Where a picture appears, omit it; repeat everything else in the records exactly.

********************

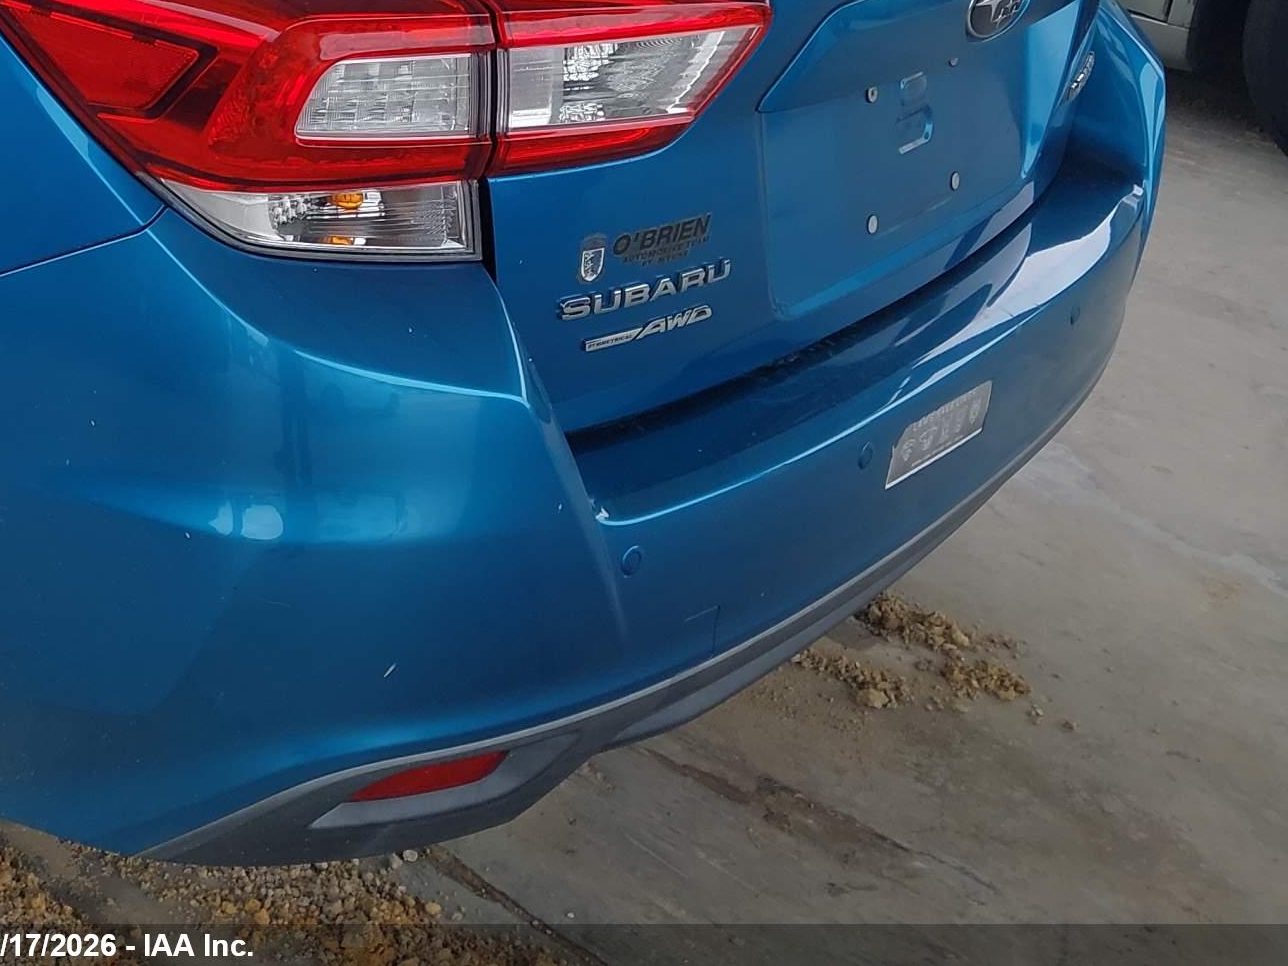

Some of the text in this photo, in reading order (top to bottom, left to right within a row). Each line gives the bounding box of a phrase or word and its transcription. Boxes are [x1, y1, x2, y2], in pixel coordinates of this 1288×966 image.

[613, 212, 711, 255] O'BRIEN
[560, 259, 730, 320] SUBARU
[636, 304, 712, 339] AWD
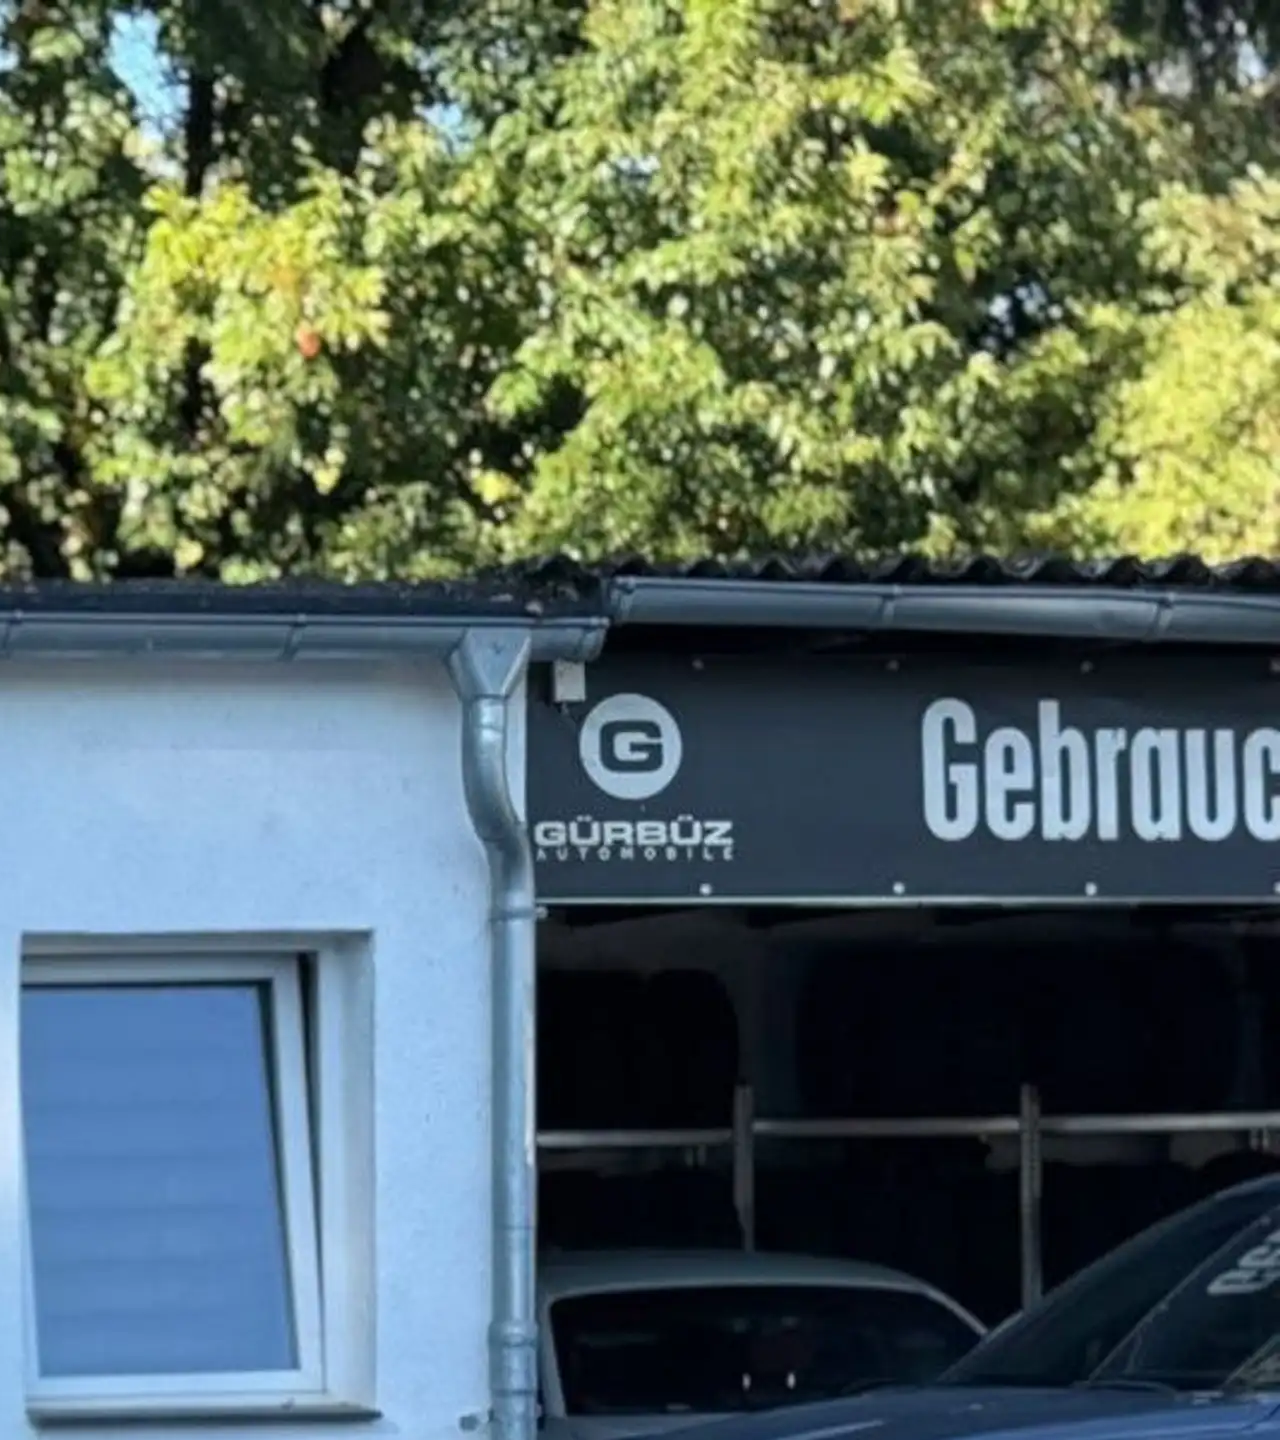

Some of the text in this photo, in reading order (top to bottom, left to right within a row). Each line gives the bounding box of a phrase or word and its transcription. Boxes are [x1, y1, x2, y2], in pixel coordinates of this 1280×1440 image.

[921, 697, 1280, 841] Gebrauc
[534, 814, 734, 846] GÜRBÜZ
[536, 847, 734, 861] AUTOMOBILE
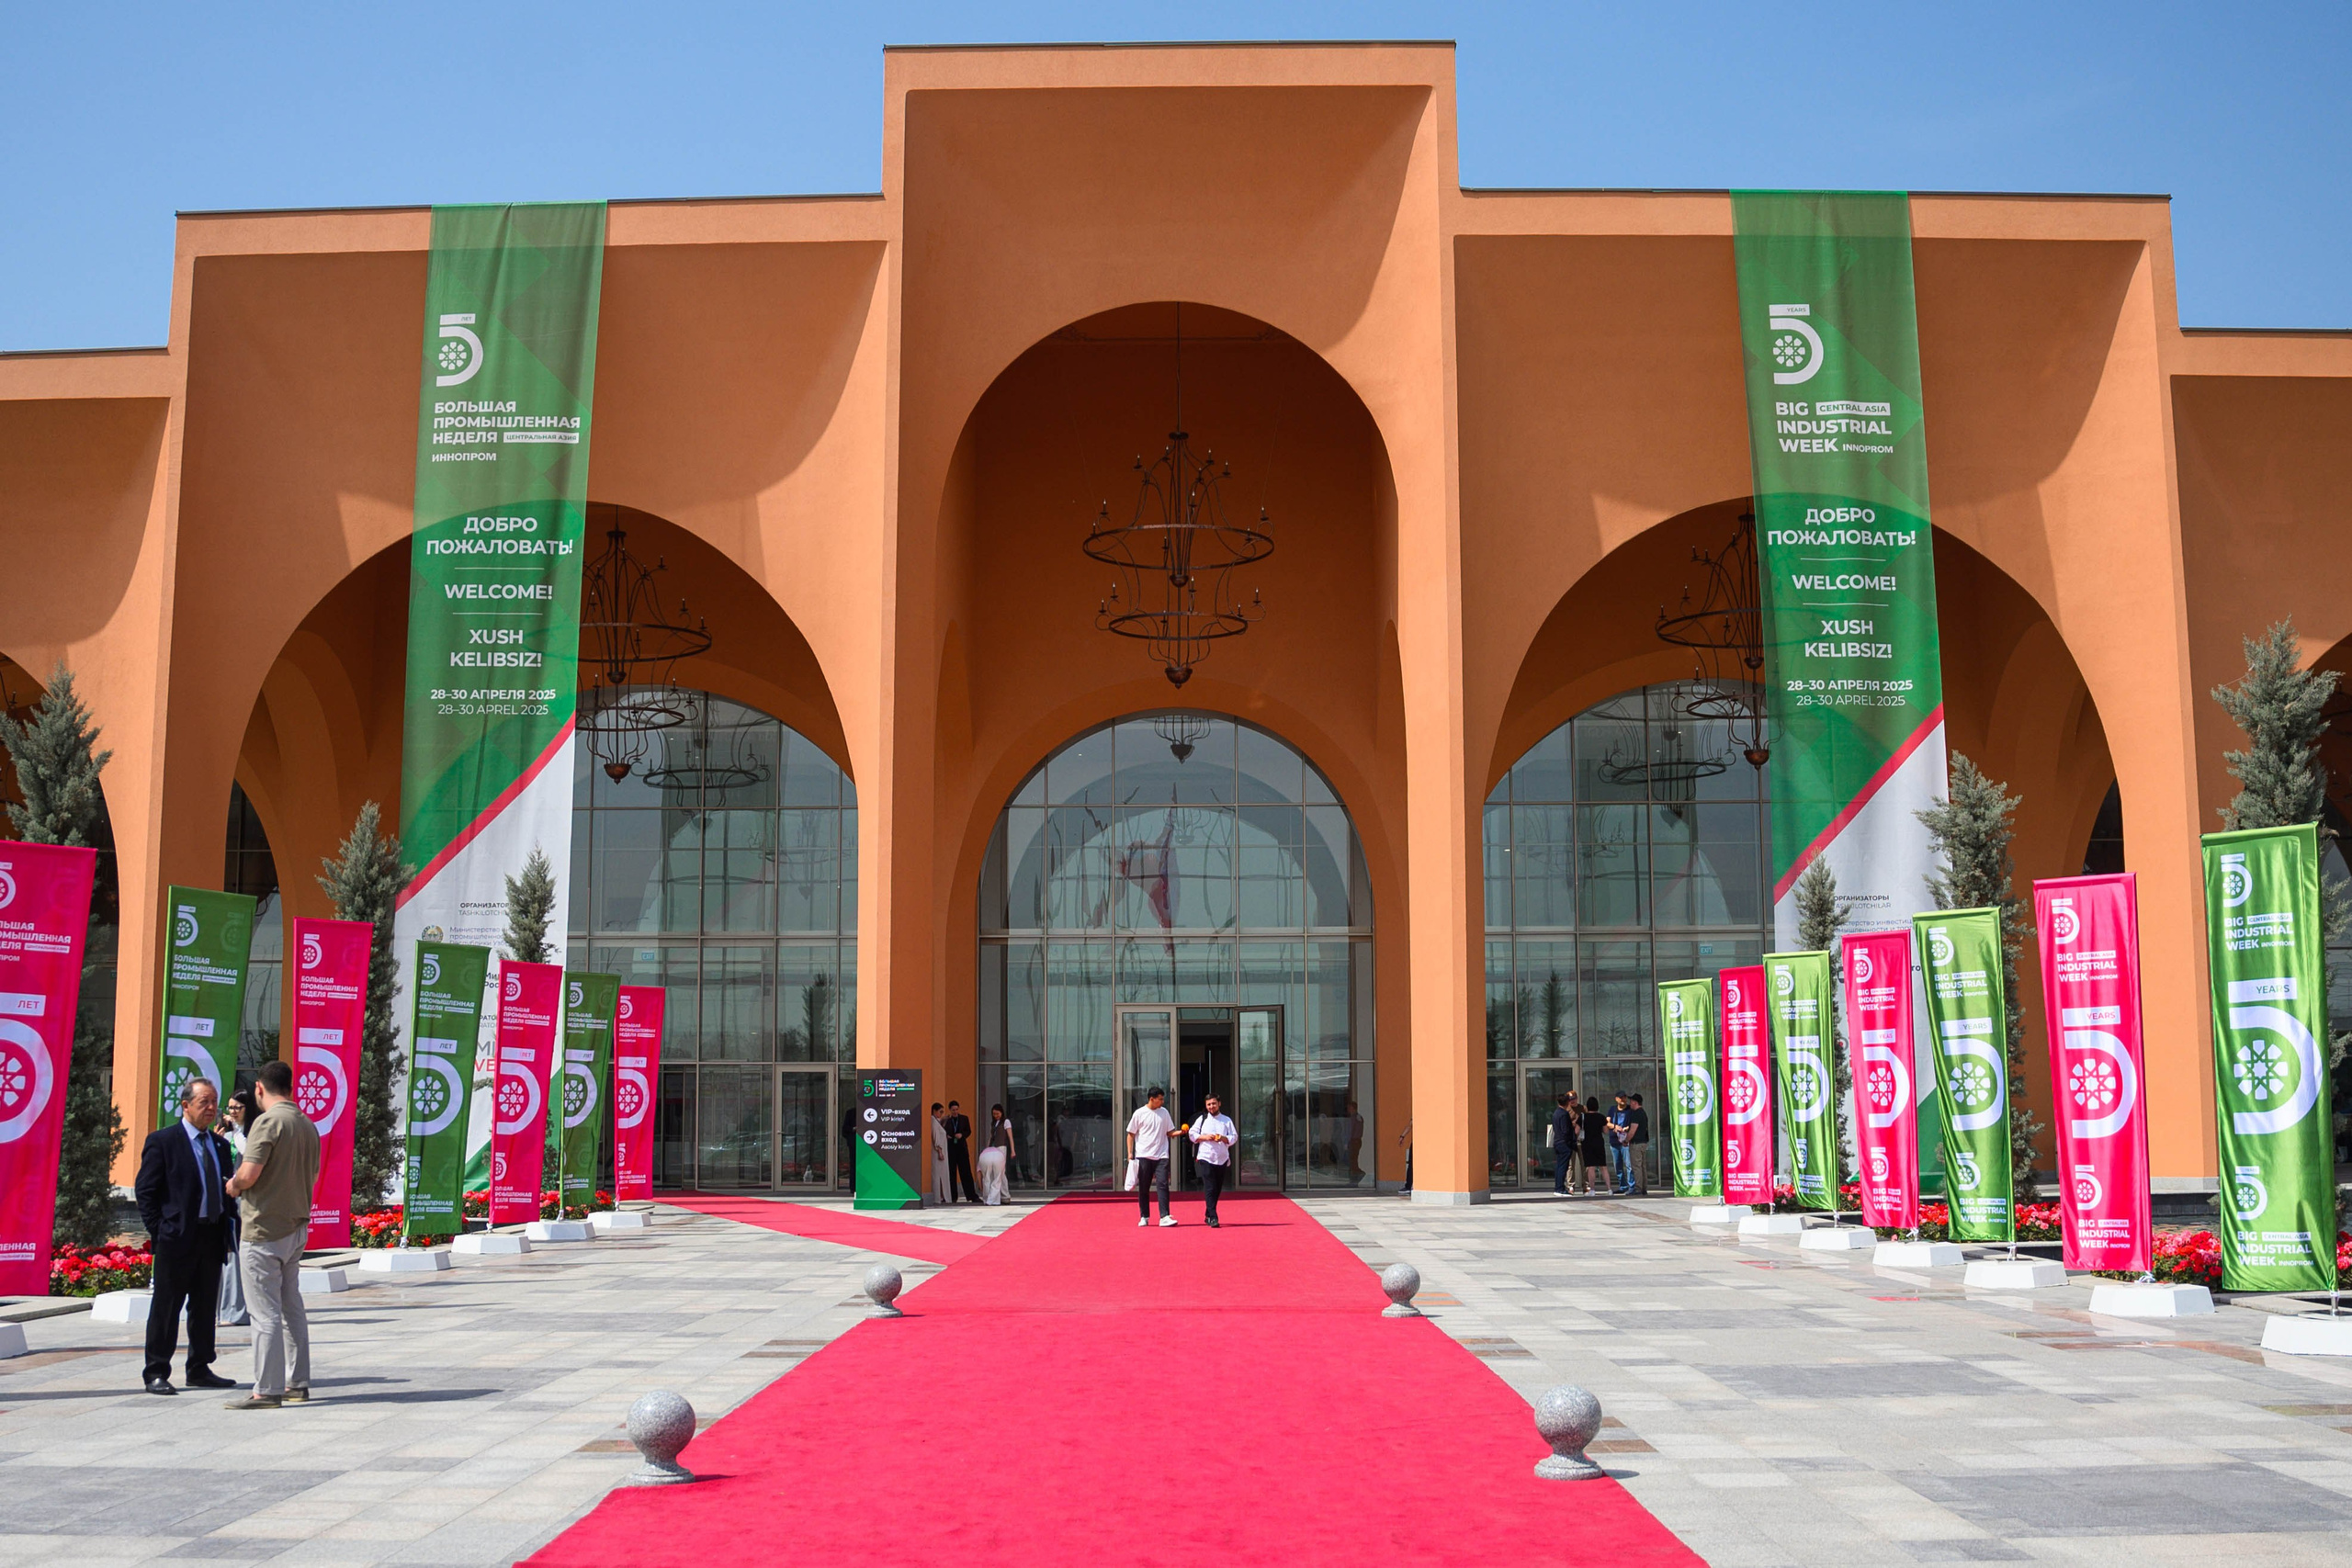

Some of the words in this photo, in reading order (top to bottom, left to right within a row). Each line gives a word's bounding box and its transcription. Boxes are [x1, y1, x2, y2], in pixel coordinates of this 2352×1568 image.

********************

*Result of this task*.
Some of the text in this photo, in reading order (top to bottom, left to right within a row). Each line gives the bounding box of a phrase or word and its transcription. Boxes are [x1, y1, x2, y2], in pixel coordinates of this 1288×966 image.

[613, 212, 711, 255] O'BRIEN
[560, 259, 730, 320] SUBARU
[636, 304, 712, 339] AWD

Some of the text in this photo, in reading order (top to bottom, left to right within a row). Each line gives the bounding box of a phrase or word and its transcription. Boxes are [x1, y1, x2, y2], in pixel coordinates of this 1280×1440 image.

[921, 697, 1280, 841] Gebrauc
[534, 814, 734, 846] GÜRBÜZ
[536, 847, 734, 861] AUTOMOBILE

Some of the words in this photo, in reading order (top to bottom, left to right within a row). Each line gives a word's bounding box and its transcription. Boxes are [x1, y1, x2, y2], in pixel coordinates of this 2352×1568 image.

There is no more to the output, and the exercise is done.